Nunca fui o jovem dotado de talentos, não que eu me lembre, mas meus amigos da escola sempre diziam que minhas fotografias eram as melhores quando nos reunimos em alguma festa. Não me lembro da última vez que saí com meus amigos, se é que eu ainda tenho algum, mas aqui estou com uma câmera em mãos, capturando momentos felizes em frente ao mar Mediterrâneo. Coincidência? Talvez… As ondas se quebram nas rochas enquanto ajusto o foco da lente. Mas eu queria que o destino me proporcionasse um reencontro com Anna. Faz anos que não a vejo, nem sei por onde anda. Quando terminamos a escola, ela foi fazer faculdade fora do país e eu nunca mais tive notícias. Coincidência… eu acho.
Ou talvez eu só precise acreditar nisso.
"Luccaaa?"
“Foi mal, onde paramos?”
"Já acabou, você mesmo disse antes de perder o foco. Ainda precisa de mais fotos ou já podemos acabar com essa tortura? Meus pés estão matando"
"Aaaah… deixa eu conferir aqui", onde estava com a cabeça. Olhei as fotos que tirei, capturando o brilho nos olhos de Thiago e Lúcia, recém-casados. A felicidade deles me parece quase surreal, um reflexo de algo inalcançável… até então.
"Pronto, está tudo certo, já terminei. Agora é só esperar a edição, depois eu mando pra vocês escolherem. Obrigado por compartilhar esse momento."
“Espero que a edição não demore tanto quanto bater as fotos”
“Eu também espero”. 
Onde eu tava com a droga da cabeça?!”
Thiago e Lúcia… pombinhos recém-casados. Ver a felicidade dos outros cansa, nunca acho que vai acontecer comigo. É como dizem: sorte nos negócios, azar no amor! Aff que reflexão mais idiota de um ciclo interminável de trabalho e solidão.
"Vrrrrr... Vrrrr", celular vibra no bolso. Número desconhecido. Minha cara de estranheza, quem será? “Alô”, minha mente vagando em busca de respostas.
"Alô? Lucca, é você?"
Meu subconsciente reconhece a voz como uma voz familiar, mas não sei de quem é.
"Sou eu! Quem tá falando?"
"Sou eu, Lucca… a Anna." Tom eufórico.
Por alguns segundos, minha mente parou. Anna??!!! Aquela Anna? E agora, o que eu faço?! O que eu digo?
"Lucca??"
"Ooi, desculpa, tudo bem Anna?"
"Tudo ótimo e com você?"
"Tô bem."
Nesse momento, já tinha gastado meu estoque de palavras extrovertidas com ela, só me resta uma pergunta na cabeça: o que eu falo agora???

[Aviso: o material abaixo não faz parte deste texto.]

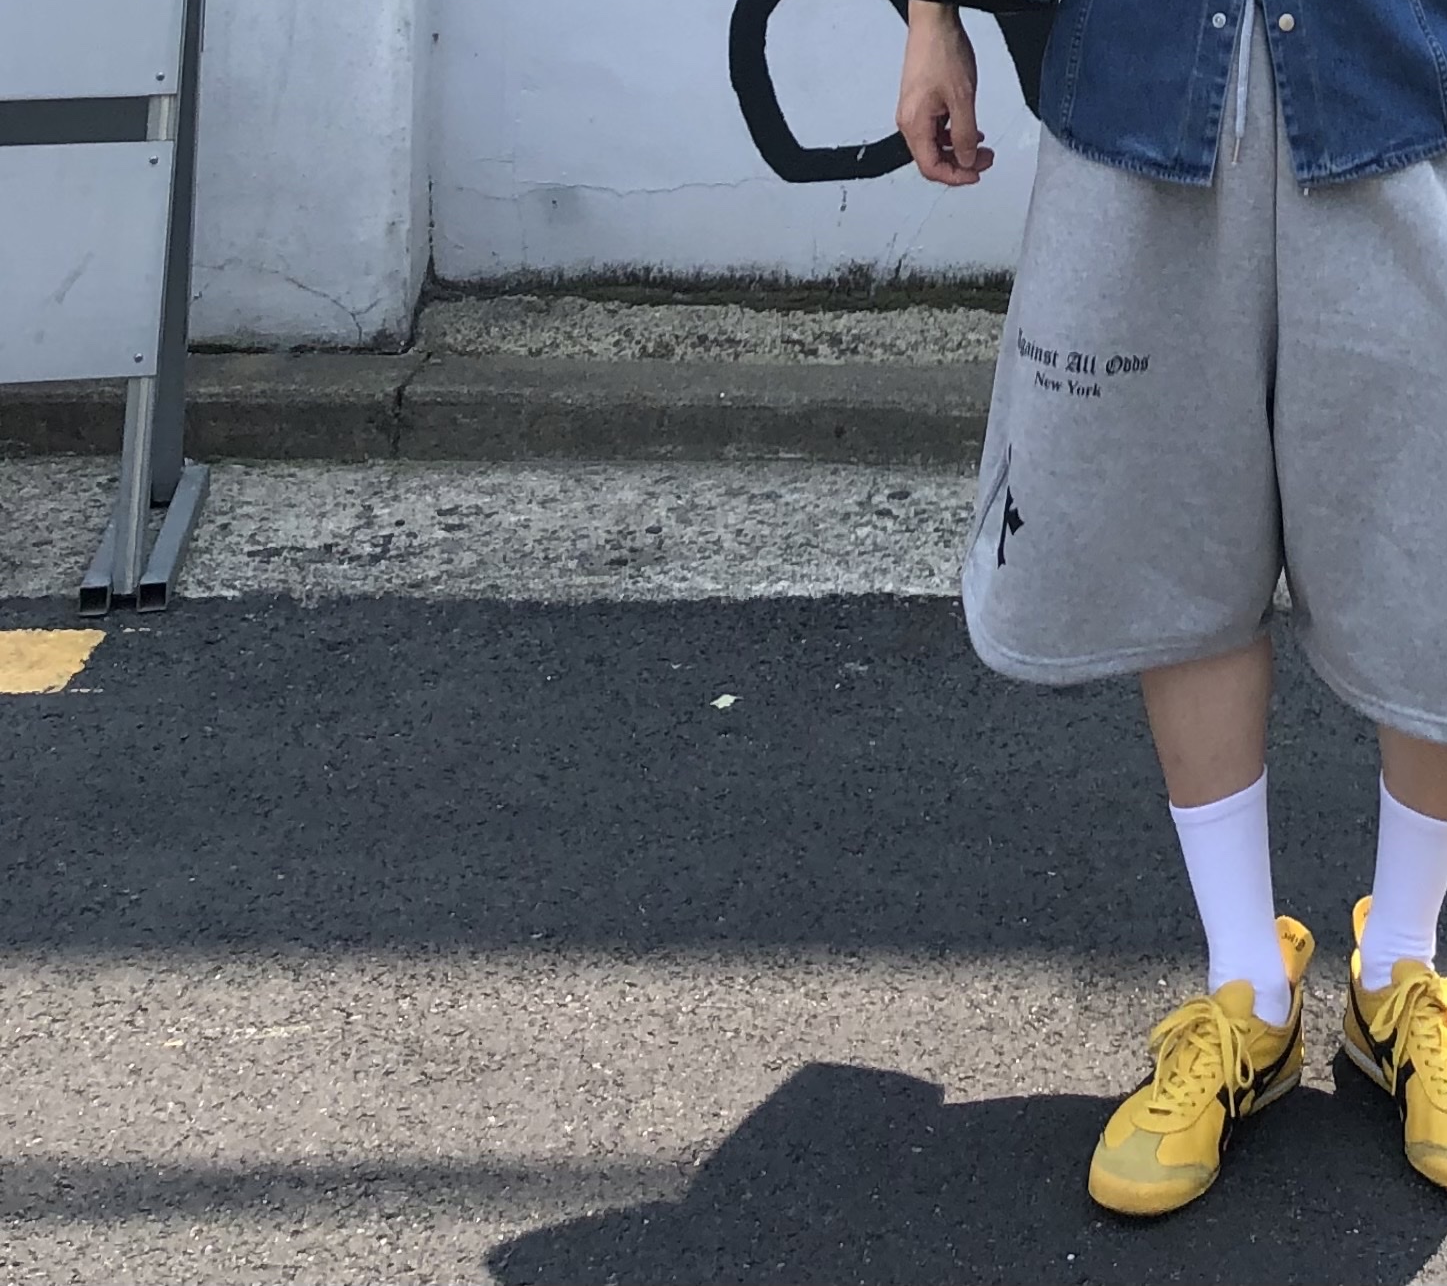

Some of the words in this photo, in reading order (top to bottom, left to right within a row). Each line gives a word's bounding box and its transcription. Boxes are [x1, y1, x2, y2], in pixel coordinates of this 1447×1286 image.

“Caramba… não esperava você me ligar.” 
“Faz um tempão, né Lucca? Achei seu contato no LinkedIn, sorte a minha.” 
“Você está na cidade, Anna?”
"Voltei à cidade tem alguns dias, tudo aqui me lembra você” 
“Sério?!” Fiquei sem entender o que ela queria.
 “Sim… comprei um presente para você. Queria te ver. Está livre hoje à noite? A gente podia se encontrar para conversar!"
Tá errado, isso tá errado, eu que deveria chamar ela pra sair. Mas eu não sabia que ela tava na cidade e nem teria coragem pra isso.
"Tô livre... Você tinha algum lugar em mente?"
No automático eu já estava marcando um encontro sem nem ao menos pensar direito. Mas calma aí, encontro?! Com a Anna?! Estou sonhando só pode!
"Restaurante Il Comandante, o horário é por sua conta, rsrs."
"Huum, 19:30 tudo bem pra você?"
"Está ótimo… então preciso correr para resolver algumas pendências para chegar no horário do nosso encontro. Até mais tarde Lucca, beijos."
“Beijos.”
Com o celular na mão, fiquei alguns segundos tentando assimilar toda essa informação, totalmente incrédulo! Eu tava em choque… um misto de surpresa e ansiedade, me deixando atordoado demais para raciocinar.
“Tá… melhor eu ir embora.” 
O som das ondas ainda ecoava em minha mente, mas era hora de sair dali e enfrentar o que me esperava. O coração acelerava enquanto me perguntava o que ela pensaria de mim agora, depois de tanto tempo. Cada passo me deixava mais nervoso.
Fiquei alguns segundos olhando pro celular, tentando entender o que tinha acabado de acontecer.
Quando dei por mim, já tava indo embora.

Comentários

  1. Fotografar a felicidade dos outros deve cansar mesmo, quando a própria ainda parece distante.